The part that stayed with me was simple.

Someone buys the first guild shard. The guild earns from that buy. The 5% fee payout follows the treasury address on file. If I have not set multisig first, that first piece of support still lands in one normal wallet.

That is the whole problem.

Pixels lets me create the guild, set the treasury wallet, and start taking shard demand before the treasury is actually built for shared control. Multiple owners can exist, but the payout path does not become shared just because more than one person is involved. To fix that, I still have to set up a multisig wallet and then replace the guild Ronin address with that multisig address. Until I do that, the first shard sale can already send value into a wallet that still behaves like one signer controls it.

That changes how I read the first buy. It is not just proof that people want in. It is the first treasury test. The guild earns. The payout moves. And the money can still arrive in the wrong kind of setup because the wallet layer was left in its default state too long.

That is what makes the first shard sale heavier than it looks. The moment support becomes real, custody becomes real too. If multisig is not already in place, the guild has already started routing earned value through one address before the treasury is actually ready to be shared.
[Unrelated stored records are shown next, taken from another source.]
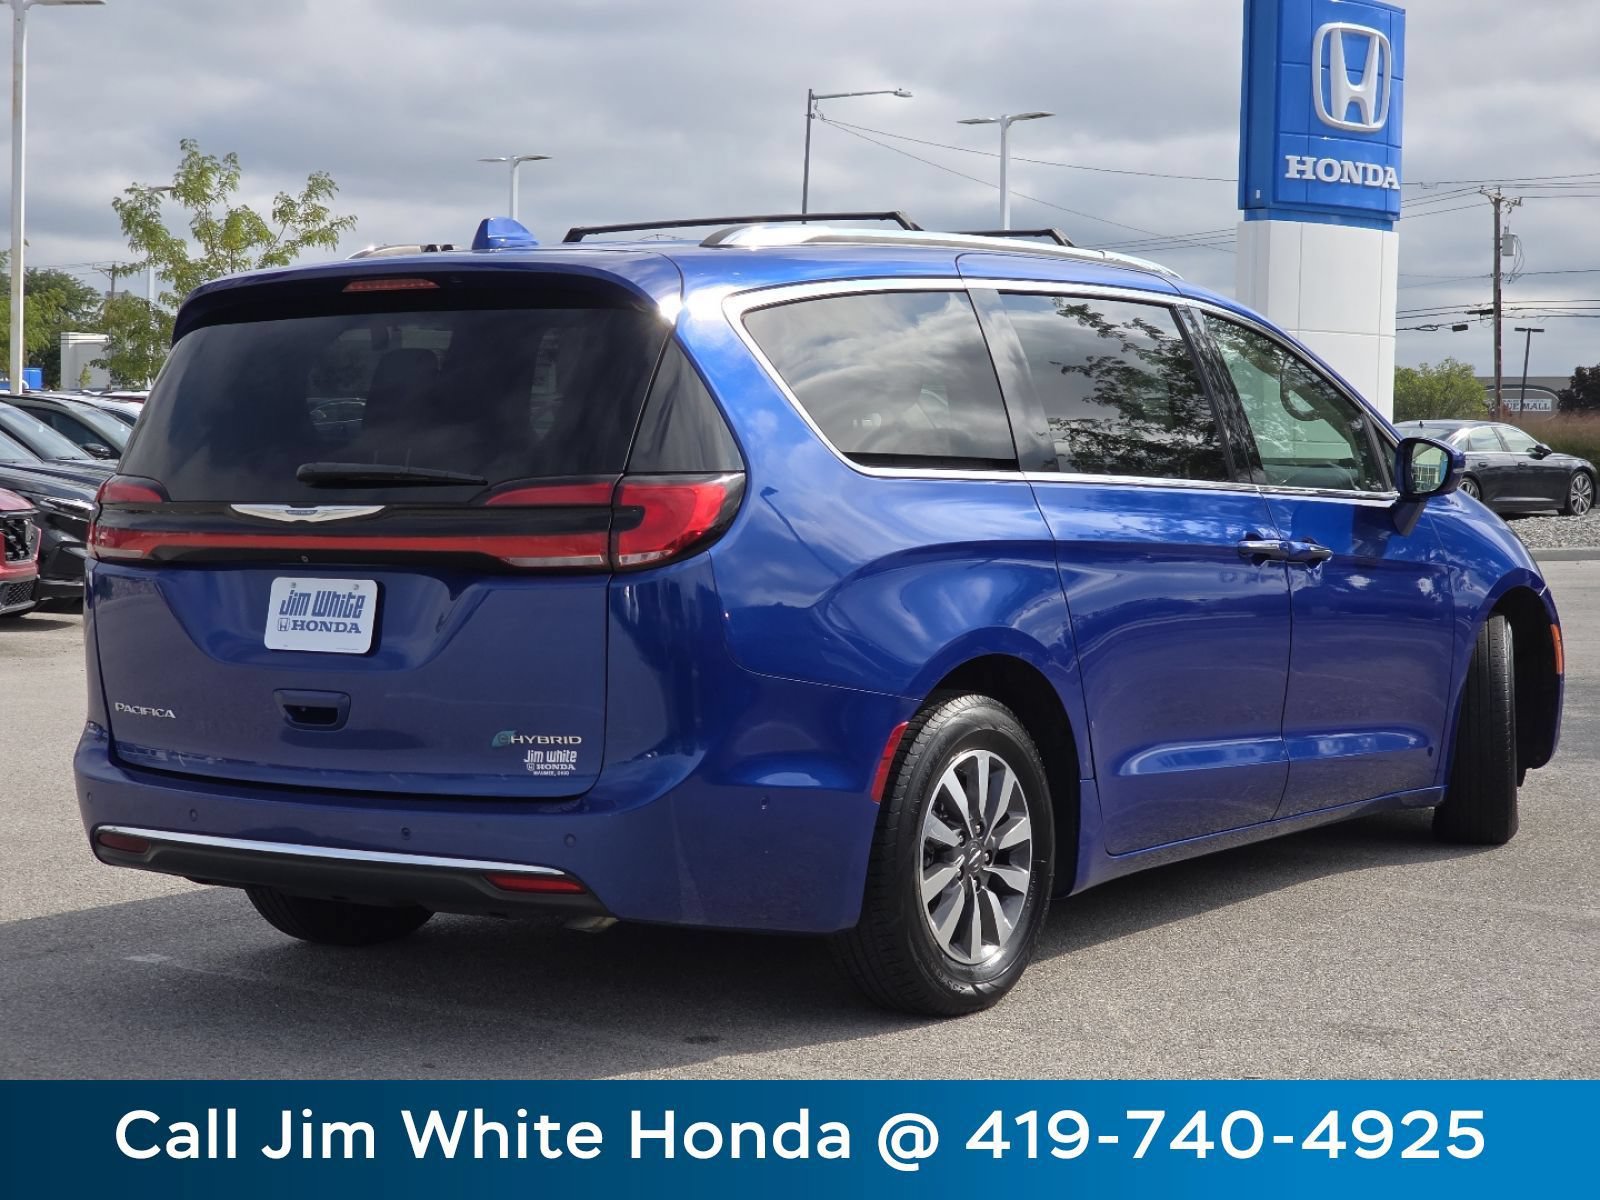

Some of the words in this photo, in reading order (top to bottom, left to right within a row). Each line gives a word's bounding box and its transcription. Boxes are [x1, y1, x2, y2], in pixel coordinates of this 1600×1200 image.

[1284, 155, 1401, 190] HONDA
[279, 590, 312, 617] Jim
[311, 590, 366, 619] White
[291, 619, 362, 634] HONDA
[114, 702, 177, 719] PACIFICA
[523, 749, 544, 763] Jim
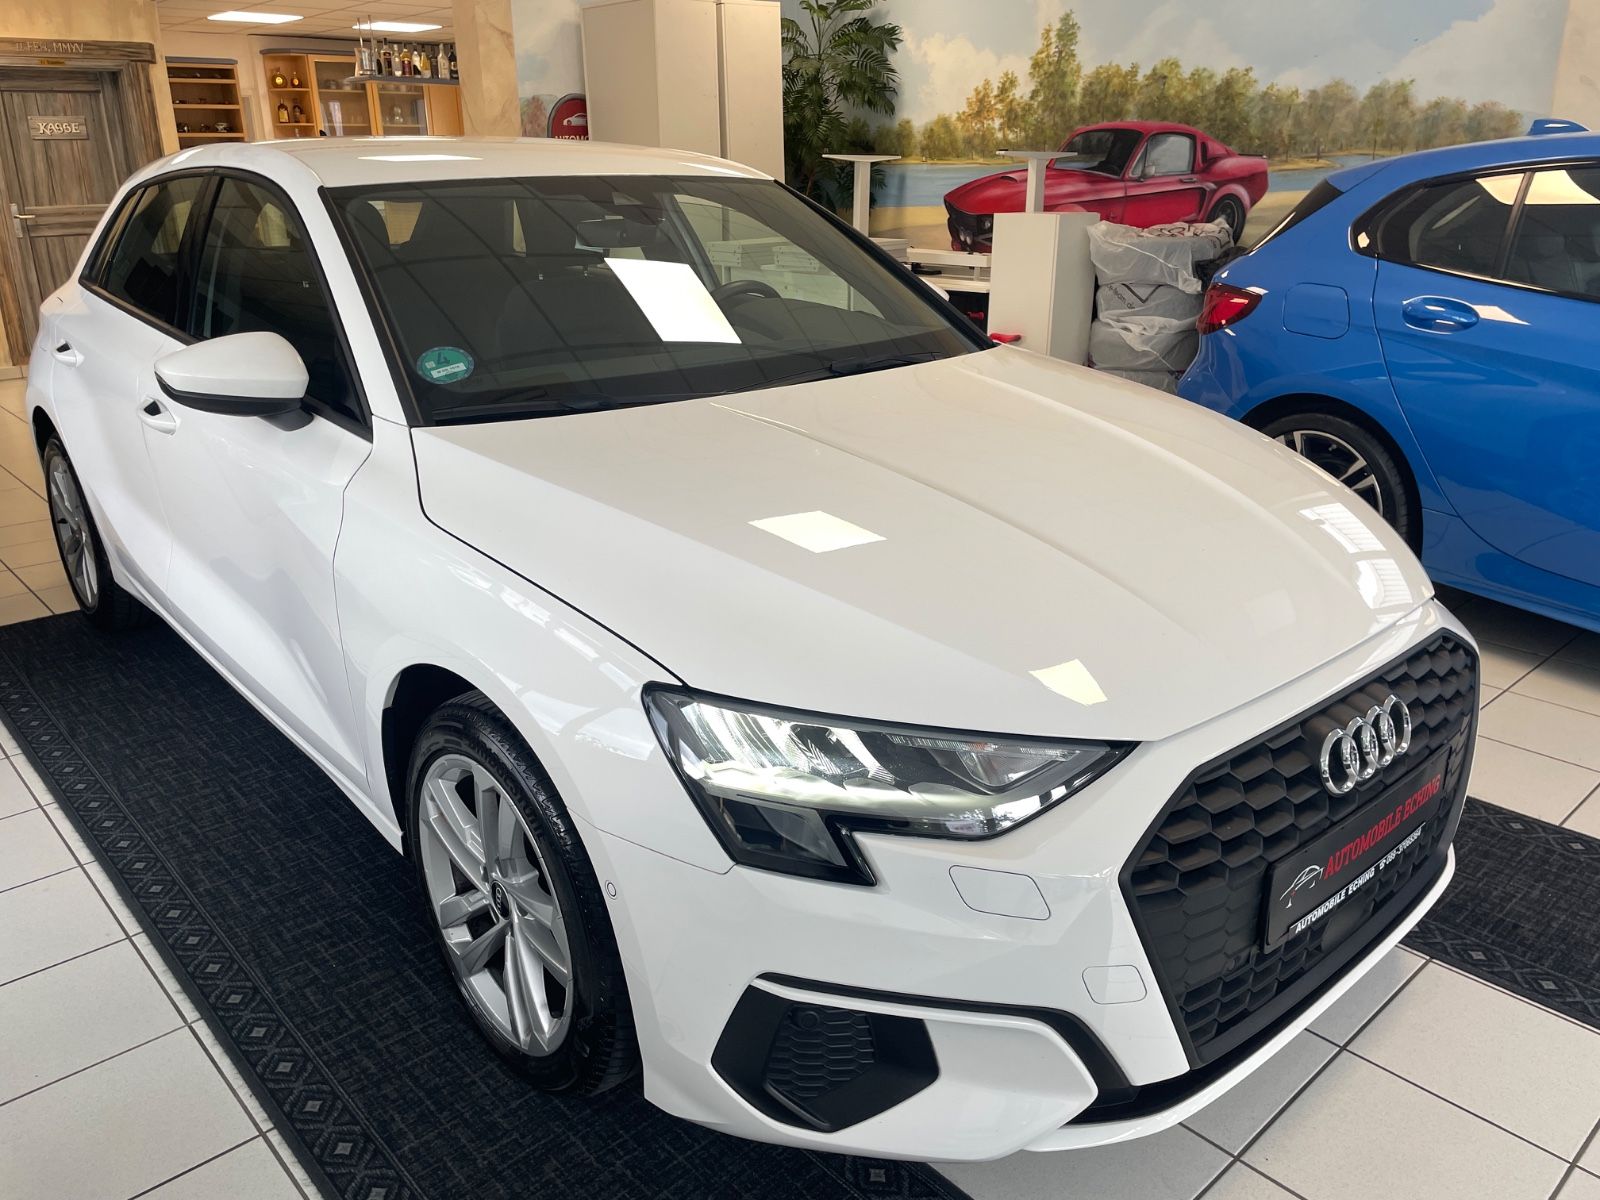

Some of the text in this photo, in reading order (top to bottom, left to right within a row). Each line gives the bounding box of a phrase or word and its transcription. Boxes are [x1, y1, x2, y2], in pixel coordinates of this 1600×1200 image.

[37, 122, 80, 136] KASSE
[1323, 806, 1403, 880] AUTOMOBILE
[1403, 774, 1441, 820] ECHING
[1295, 867, 1375, 934] AUTOMOBILE ECHING
Pixels already treats this like real setup, not some optional cleanup step. Creating a guild costs 15 $PIXEL. The treasury wallet has to be set. The 5% shard fee payout depends on that address. There is also a dedicated multisig flow where I choose the owners and decide how many confirmations are required before funds move. So the treasury problem is not hidden. The system already shows that receiving support and safely sharing control are two separate steps.

That is why I think the failure happens earlier than it first seems. It does not start when the guild gets big. It starts on the first successful shard sale. That is the moment the guild begins earning, and that is also the moment the money can still route into a one-signer wallet because the multisig step was not done first.

The first shard sale should be the cleanest proof that a shared guild is working. Instead, it can be the first time the payout exposes that the treasury was still set up like one person owned the whole thing.